Okay, Ted hated the idea. He said that in leaving advertising for an industry requiring physical labor I was “Opting out of an upper-middle-class career for a trade with all the cachet of cosmetology.”
I consider his attitude bias. He has gluten sensitivity, which makes him swell with gas. Not a deadly reaction, just a very uncomfortable one. The sight of a floury kitchen counter is enough to send him reeling backward.
“Thanks.” My customer smiles shyly at me as she pockets her change. “I hope Rodrigo doesn’t smell chocolate bread on my breath.”
“My pleasure.” I offer her a Pez from my Snoopy dispenser. “This will keep it our little secret.”
Ted’s opinion aside, I was born to make bread. I compensate by making the best bread in the tri-state area. I have plaques on the wall that attest to the fact.

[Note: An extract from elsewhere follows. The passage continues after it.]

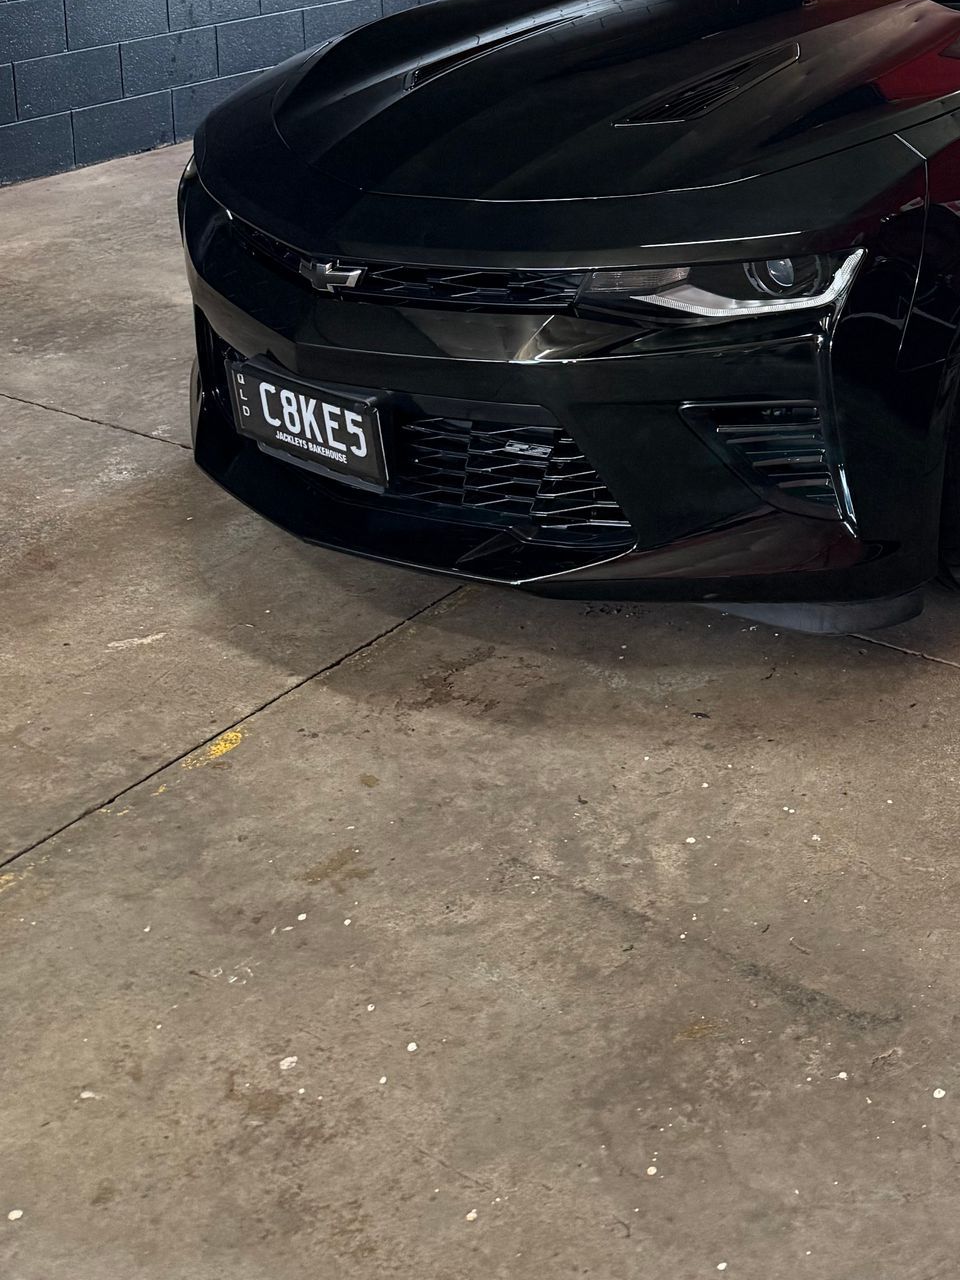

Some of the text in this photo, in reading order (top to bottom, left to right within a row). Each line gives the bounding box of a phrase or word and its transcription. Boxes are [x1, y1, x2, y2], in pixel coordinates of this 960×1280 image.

[237, 373, 250, 416] QLD
[259, 381, 368, 458] C8KE5
[275, 430, 348, 464] JACKLEYS BAKEHOUSE

We’re an artisan bakery, which is small enough so that each worker knows the whole process of making bread, and two or three of us can make enough batches to supply the daily requirements of the store.

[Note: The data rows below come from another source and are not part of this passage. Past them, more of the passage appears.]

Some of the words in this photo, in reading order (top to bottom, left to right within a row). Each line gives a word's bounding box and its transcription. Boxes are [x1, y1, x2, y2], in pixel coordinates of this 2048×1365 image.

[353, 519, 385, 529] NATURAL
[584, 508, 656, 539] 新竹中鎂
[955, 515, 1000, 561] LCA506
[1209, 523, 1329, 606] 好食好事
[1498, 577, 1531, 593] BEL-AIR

From the beginning, we flourished.
The location was ideal, situated on the first floor of a three-story building whose second floor is home to Five-0, a lifestyle magazine for the woman of a certain age. The third floor houses Rodrigo’s Body Salon, which caters to suburbanites with cellulite issues. Between them and street traffic, the Bagel Emporium had a readymade clientele of boomer women who no longer thought two lettuce leaves make a lunch, and health acolytes who reasoned they had earned a little sumthin’ after burning two cinnamon buns’ worth of calories. Burn two, eat one. It was a calculation they could live with, and I knew I could live on.

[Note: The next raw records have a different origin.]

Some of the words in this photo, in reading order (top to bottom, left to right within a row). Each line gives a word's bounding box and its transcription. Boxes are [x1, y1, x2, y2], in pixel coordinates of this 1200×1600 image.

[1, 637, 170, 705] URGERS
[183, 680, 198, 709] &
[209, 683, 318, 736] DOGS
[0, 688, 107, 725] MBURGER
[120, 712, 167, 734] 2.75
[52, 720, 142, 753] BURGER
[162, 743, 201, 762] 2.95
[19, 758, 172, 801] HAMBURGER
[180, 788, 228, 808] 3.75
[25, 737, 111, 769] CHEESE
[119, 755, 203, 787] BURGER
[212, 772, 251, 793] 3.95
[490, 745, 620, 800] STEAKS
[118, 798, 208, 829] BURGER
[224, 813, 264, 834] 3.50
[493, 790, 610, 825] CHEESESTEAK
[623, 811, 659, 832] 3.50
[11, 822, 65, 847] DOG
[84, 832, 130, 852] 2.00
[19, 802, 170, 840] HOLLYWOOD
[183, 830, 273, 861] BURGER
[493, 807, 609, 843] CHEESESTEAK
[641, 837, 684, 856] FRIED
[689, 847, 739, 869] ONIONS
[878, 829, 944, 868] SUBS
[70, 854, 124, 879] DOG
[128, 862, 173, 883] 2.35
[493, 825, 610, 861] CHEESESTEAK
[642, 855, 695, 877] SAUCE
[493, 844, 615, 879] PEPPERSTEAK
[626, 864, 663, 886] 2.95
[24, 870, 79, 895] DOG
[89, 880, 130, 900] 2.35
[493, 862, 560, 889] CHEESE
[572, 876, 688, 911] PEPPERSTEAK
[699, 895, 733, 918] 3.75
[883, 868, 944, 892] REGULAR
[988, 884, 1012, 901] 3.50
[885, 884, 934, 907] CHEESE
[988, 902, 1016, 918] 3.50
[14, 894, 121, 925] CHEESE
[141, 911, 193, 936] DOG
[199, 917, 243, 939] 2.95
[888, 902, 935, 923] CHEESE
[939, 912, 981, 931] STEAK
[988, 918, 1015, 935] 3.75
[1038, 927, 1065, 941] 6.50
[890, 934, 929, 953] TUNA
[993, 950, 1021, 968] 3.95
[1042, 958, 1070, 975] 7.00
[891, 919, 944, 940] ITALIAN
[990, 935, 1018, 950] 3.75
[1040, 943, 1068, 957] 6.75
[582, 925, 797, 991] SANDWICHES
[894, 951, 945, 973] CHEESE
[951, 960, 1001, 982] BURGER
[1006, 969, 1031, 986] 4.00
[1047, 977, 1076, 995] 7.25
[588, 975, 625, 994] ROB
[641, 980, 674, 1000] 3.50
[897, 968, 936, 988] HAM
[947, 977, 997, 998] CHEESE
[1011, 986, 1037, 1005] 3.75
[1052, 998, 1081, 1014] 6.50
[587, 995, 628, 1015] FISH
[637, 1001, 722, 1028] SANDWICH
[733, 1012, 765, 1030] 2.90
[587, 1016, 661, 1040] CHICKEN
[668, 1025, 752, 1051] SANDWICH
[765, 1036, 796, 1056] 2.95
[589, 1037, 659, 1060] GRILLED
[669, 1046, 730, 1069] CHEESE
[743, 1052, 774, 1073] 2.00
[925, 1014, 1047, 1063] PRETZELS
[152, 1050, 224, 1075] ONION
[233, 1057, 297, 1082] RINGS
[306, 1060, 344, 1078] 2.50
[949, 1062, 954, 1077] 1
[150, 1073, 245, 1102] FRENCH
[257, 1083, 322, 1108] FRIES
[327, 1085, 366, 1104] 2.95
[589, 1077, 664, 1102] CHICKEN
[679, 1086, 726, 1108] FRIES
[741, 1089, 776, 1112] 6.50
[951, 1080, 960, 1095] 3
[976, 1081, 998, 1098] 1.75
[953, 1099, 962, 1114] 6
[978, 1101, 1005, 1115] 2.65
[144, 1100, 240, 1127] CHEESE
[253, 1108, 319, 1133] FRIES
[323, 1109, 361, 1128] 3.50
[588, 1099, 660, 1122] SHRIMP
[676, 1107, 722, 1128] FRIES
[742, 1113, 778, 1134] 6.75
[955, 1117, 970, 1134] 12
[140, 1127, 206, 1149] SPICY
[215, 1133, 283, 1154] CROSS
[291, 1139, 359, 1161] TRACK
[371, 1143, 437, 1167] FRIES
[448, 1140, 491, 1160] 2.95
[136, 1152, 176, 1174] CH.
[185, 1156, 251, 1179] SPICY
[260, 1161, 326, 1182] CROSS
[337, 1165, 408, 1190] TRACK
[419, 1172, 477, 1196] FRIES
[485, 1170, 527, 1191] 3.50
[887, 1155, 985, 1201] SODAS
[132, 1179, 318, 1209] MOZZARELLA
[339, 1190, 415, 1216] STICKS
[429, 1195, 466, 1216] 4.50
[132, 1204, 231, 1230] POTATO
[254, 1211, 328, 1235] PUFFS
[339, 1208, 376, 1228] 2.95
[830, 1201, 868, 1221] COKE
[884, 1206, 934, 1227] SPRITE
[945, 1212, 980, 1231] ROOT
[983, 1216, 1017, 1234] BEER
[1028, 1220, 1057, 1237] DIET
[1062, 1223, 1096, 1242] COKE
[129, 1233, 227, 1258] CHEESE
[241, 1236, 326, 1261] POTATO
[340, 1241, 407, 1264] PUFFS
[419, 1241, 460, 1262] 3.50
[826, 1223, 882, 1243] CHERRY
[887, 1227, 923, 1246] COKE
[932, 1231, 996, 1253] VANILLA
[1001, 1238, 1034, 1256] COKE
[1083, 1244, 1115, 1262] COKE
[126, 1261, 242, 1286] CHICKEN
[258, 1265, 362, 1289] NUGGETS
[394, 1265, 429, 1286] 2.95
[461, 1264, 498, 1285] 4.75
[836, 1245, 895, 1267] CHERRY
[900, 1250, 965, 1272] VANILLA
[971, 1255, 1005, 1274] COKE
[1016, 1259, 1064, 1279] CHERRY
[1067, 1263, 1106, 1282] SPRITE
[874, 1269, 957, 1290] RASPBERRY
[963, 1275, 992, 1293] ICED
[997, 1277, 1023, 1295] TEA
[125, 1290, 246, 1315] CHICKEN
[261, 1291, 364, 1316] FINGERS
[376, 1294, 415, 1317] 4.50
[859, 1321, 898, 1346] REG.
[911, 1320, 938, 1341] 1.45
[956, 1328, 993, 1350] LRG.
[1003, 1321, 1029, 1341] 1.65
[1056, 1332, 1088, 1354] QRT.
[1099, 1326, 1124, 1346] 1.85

Within weeks of ownership, I invested in two used industrial mixers and a brand-new stone deck oven, and branched out from bagels to my personal passion: leaven bread. We make the basics like baguettes, ciabatta, pagnotta, whole wheat, rye and sourdough. But I love to experiment. Custom orders for chocolate-cherry pumpernickel and piñon-nut queso blanco con mango whole wheat garnered so many requests they quickly became store staples along with gourmet delights like bittersweet chocolate croissants, bourbon pecan cinnamon rolls and focaccia pizzas. Friends call my creations the haute couture of bread-making. Business was so good after the first year that I dropped bagels altogether, a decision appreciated by the deli down the block. Regulars nicknamed us the No-Bagel Emporium, and it stuck. Then disaster struck. Noodles, pasta and bread became the pariahs of modern life.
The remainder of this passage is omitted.